◆ WHAT NEEDS TO BE DONE
Your task is to repeat the entries word for word while leaving out the pictures.

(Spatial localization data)
*** Begin section ***
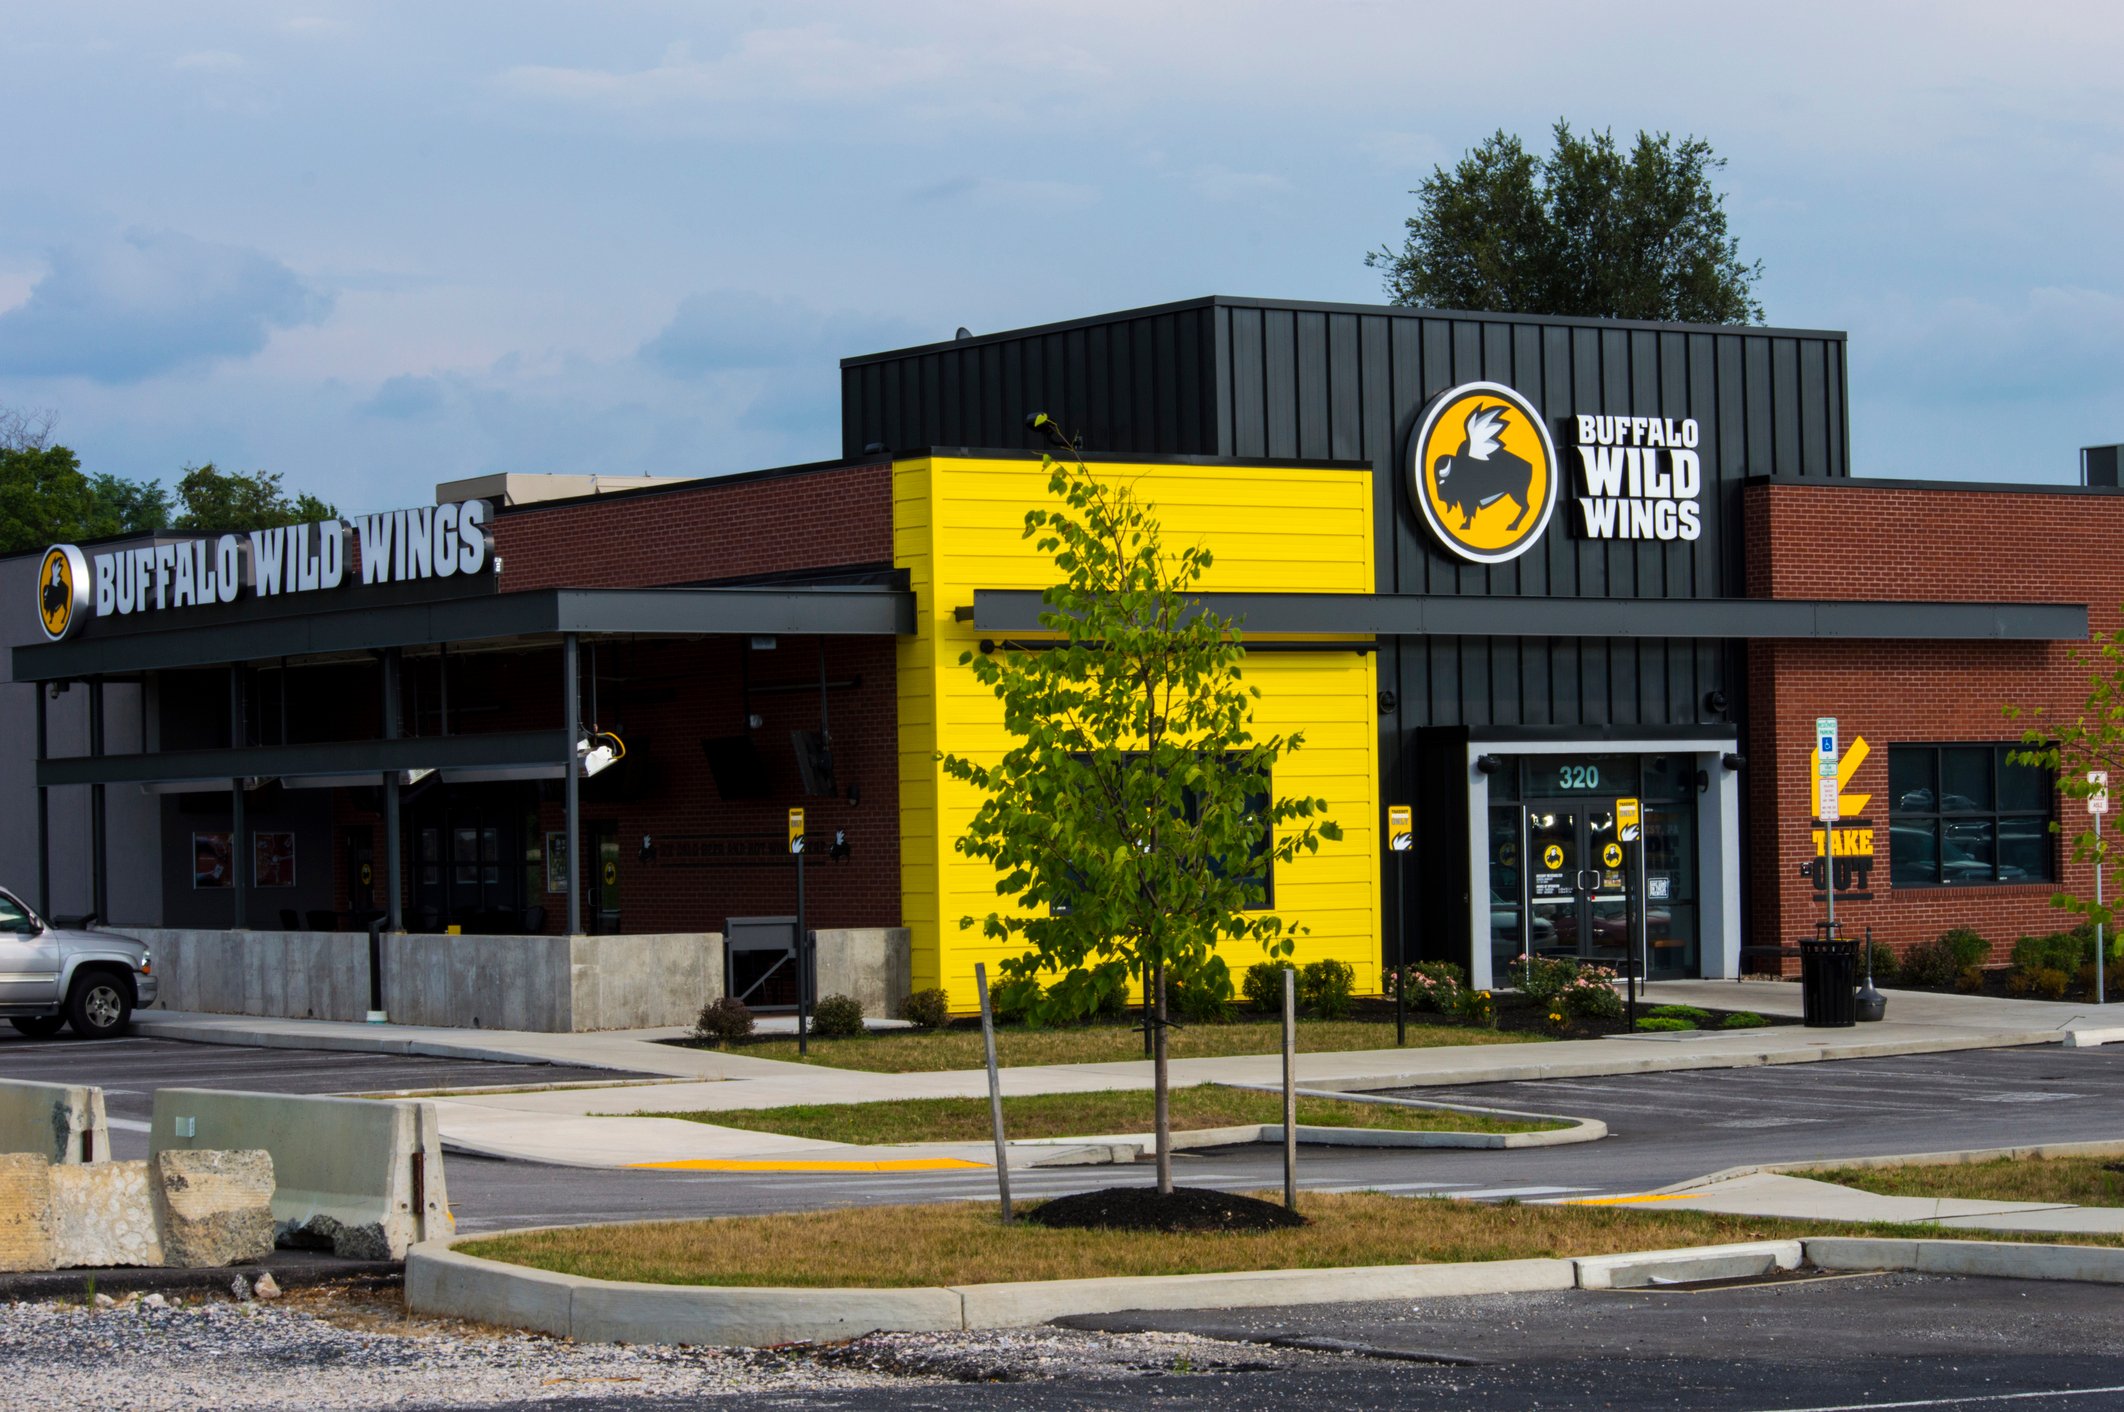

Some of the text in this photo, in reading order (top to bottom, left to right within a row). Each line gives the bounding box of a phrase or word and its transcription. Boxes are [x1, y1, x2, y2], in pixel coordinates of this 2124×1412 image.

[1576, 414, 1699, 448] BUFFALO
[1577, 446, 1701, 499] WILD
[1579, 498, 1701, 541] WINGS
[94, 500, 487, 617] BUFFALO WILD WINGS
[1559, 765, 1599, 789] 320
[1812, 829, 1874, 857] TAKE
[1813, 857, 1873, 890] OUT
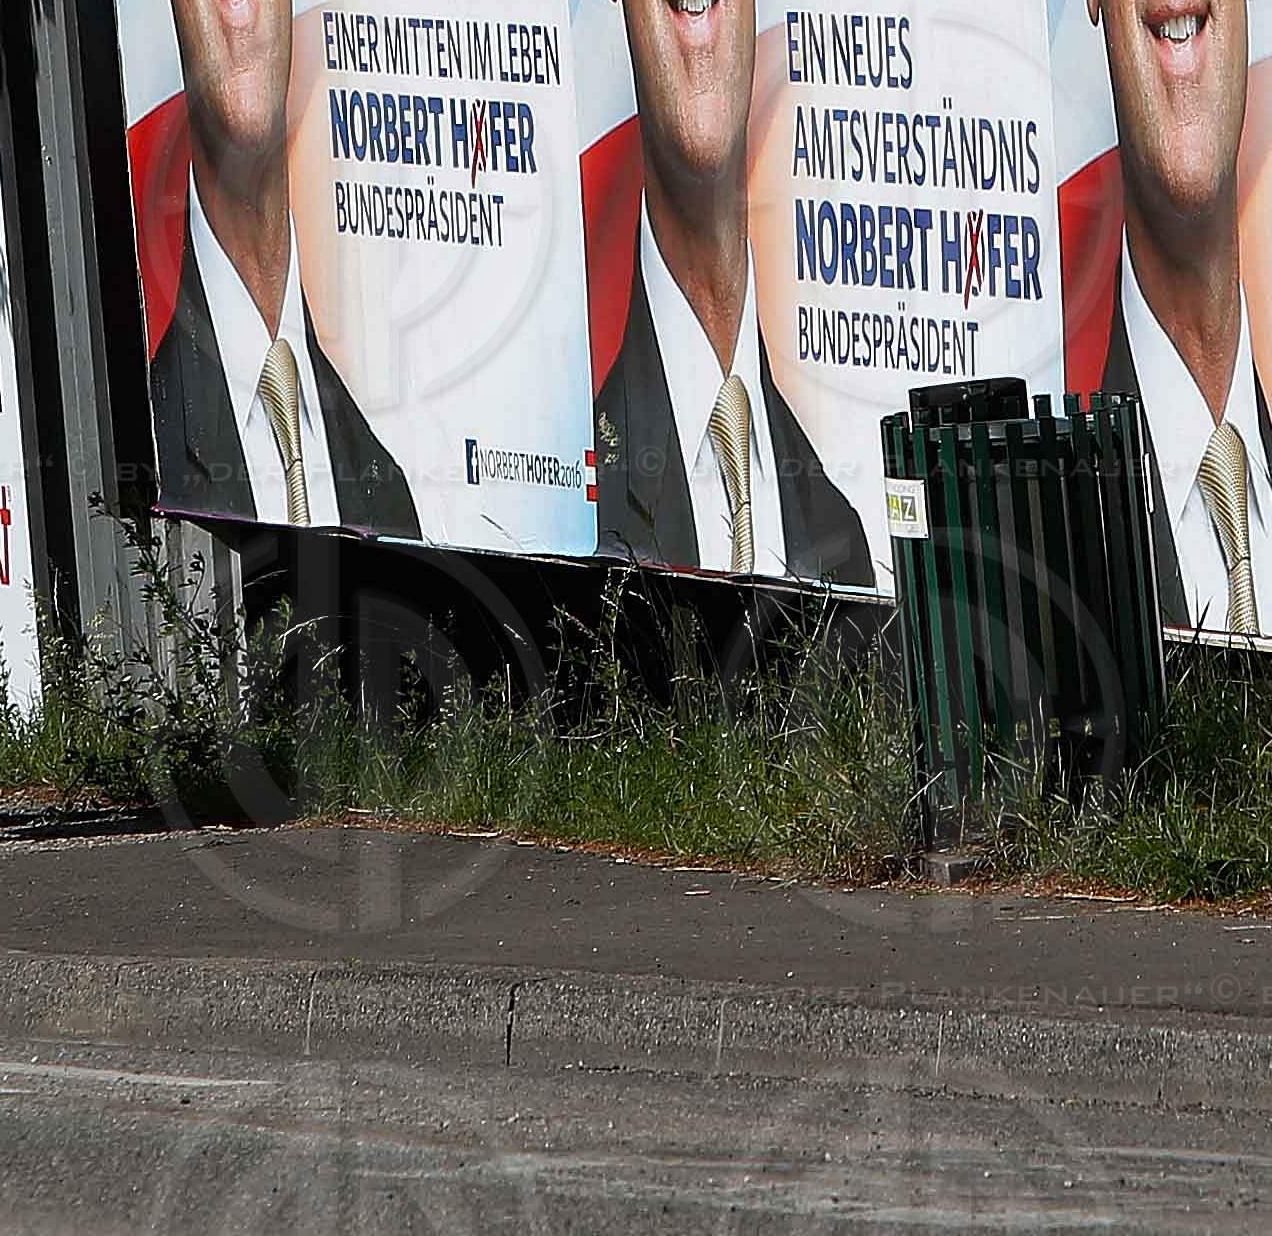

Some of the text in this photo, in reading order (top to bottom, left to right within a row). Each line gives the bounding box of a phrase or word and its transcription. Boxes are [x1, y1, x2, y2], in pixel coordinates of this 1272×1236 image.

[323, 11, 561, 86] EINER MITTEN IM LEBEN
[785, 10, 914, 90] EIN NEUES
[329, 87, 445, 168] NORBERT
[792, 97, 1040, 195] AMTSVERSTÄNDNIS
[334, 175, 505, 247] BUNDESPRÄSIDENT
[794, 198, 933, 292] NORBERT
[797, 302, 980, 377] BUNDESPRÄSIDENT
[479, 448, 582, 490] NORBERTHOFER2016
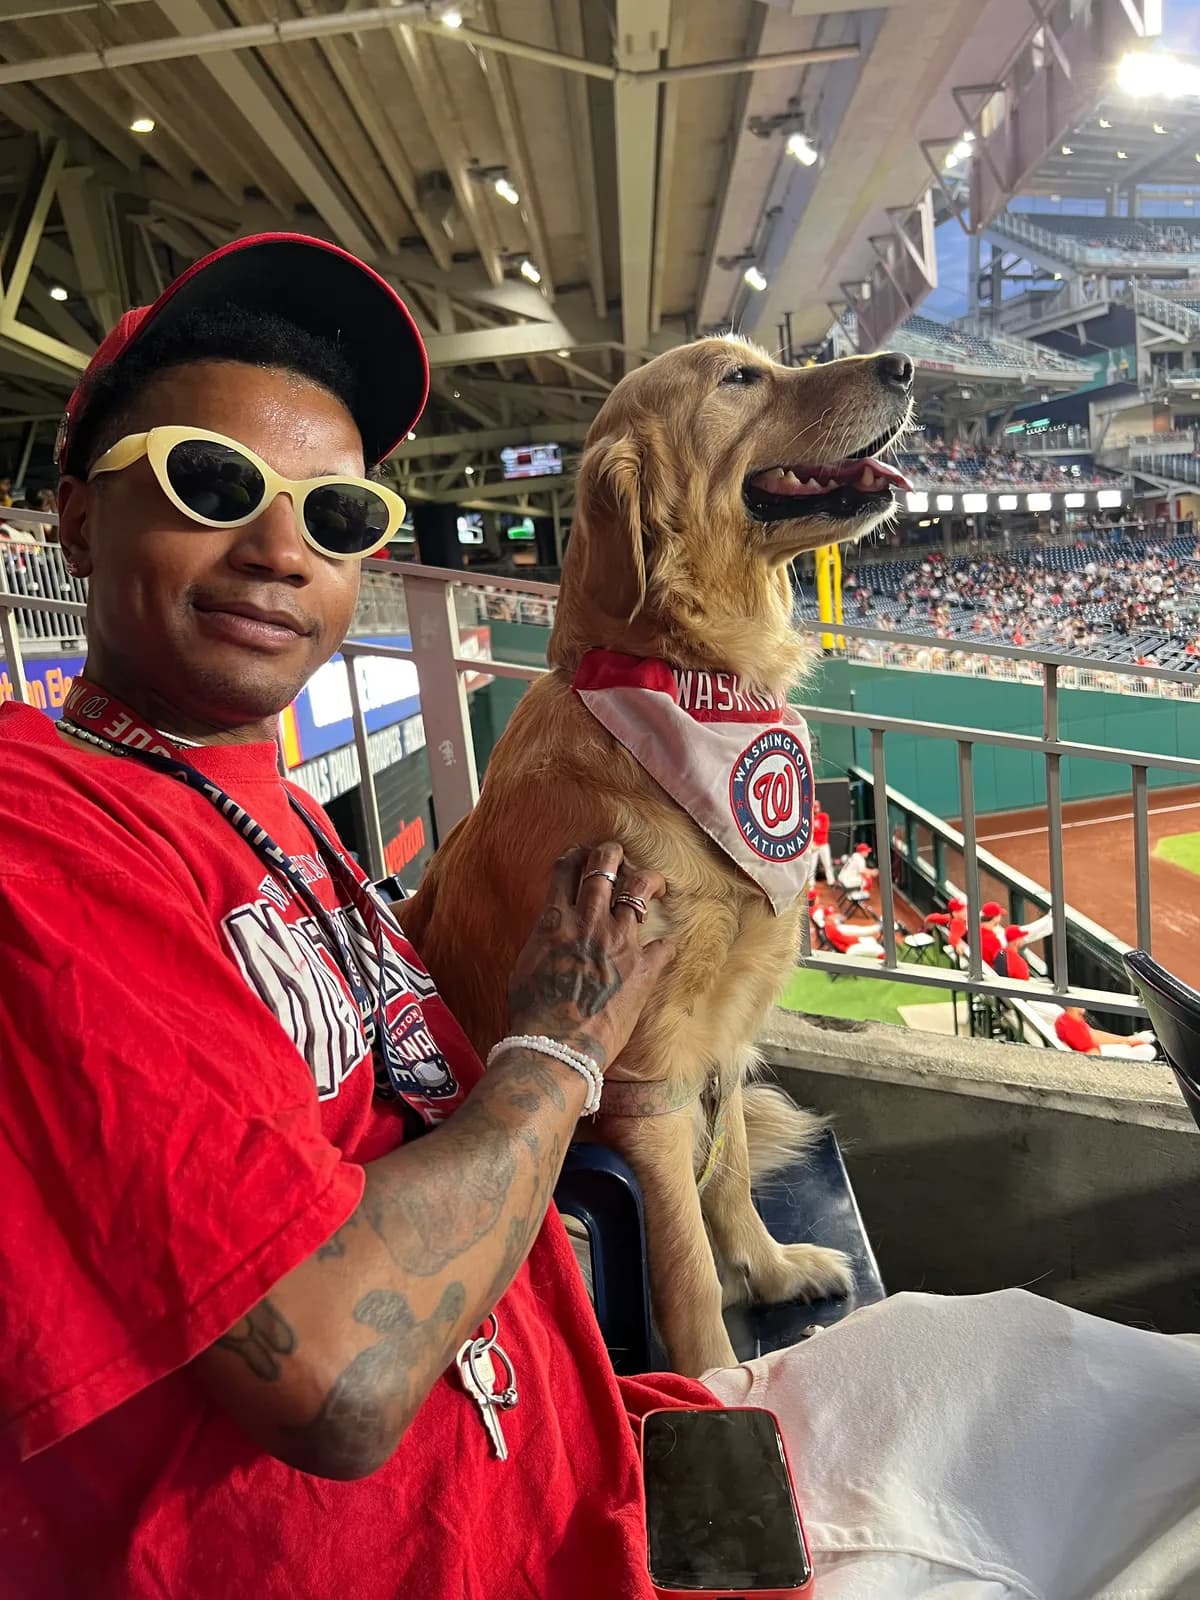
*** End section ***
◆ WRITTEN ANSWER
Some of the text in this photo, in reading order (top to bottom, left to right within a row). Each line gives the bounding box of a phrase or word and its transcription. Boxes are [x1, y1, x2, y2], in pixel coordinates of this 2124×1412 image.

[1576, 414, 1699, 448] BUFFALO
[1577, 446, 1701, 499] WILD
[1579, 498, 1701, 541] WINGS
[94, 500, 487, 617] BUFFALO WILD WINGS
[1559, 765, 1599, 789] 320
[1812, 829, 1874, 857] TAKE
[1813, 857, 1873, 890] OUT

Some of the text in this photo, in reading order (top to bottom, left to right within a row). Each line gives the bounding box of a phrase or word and its transcription. Boxes are [x1, y1, x2, y2], in pixel coordinates of this 1272×1236 image.

[323, 11, 561, 86] EINER MITTEN IM LEBEN
[785, 10, 914, 90] EIN NEUES
[329, 87, 445, 168] NORBERT
[792, 97, 1040, 195] AMTSVERSTÄNDNIS
[334, 175, 505, 247] BUNDESPRÄSIDENT
[794, 198, 933, 292] NORBERT
[797, 302, 980, 377] BUNDESPRÄSIDENT
[479, 448, 582, 490] NORBERTHOFER2016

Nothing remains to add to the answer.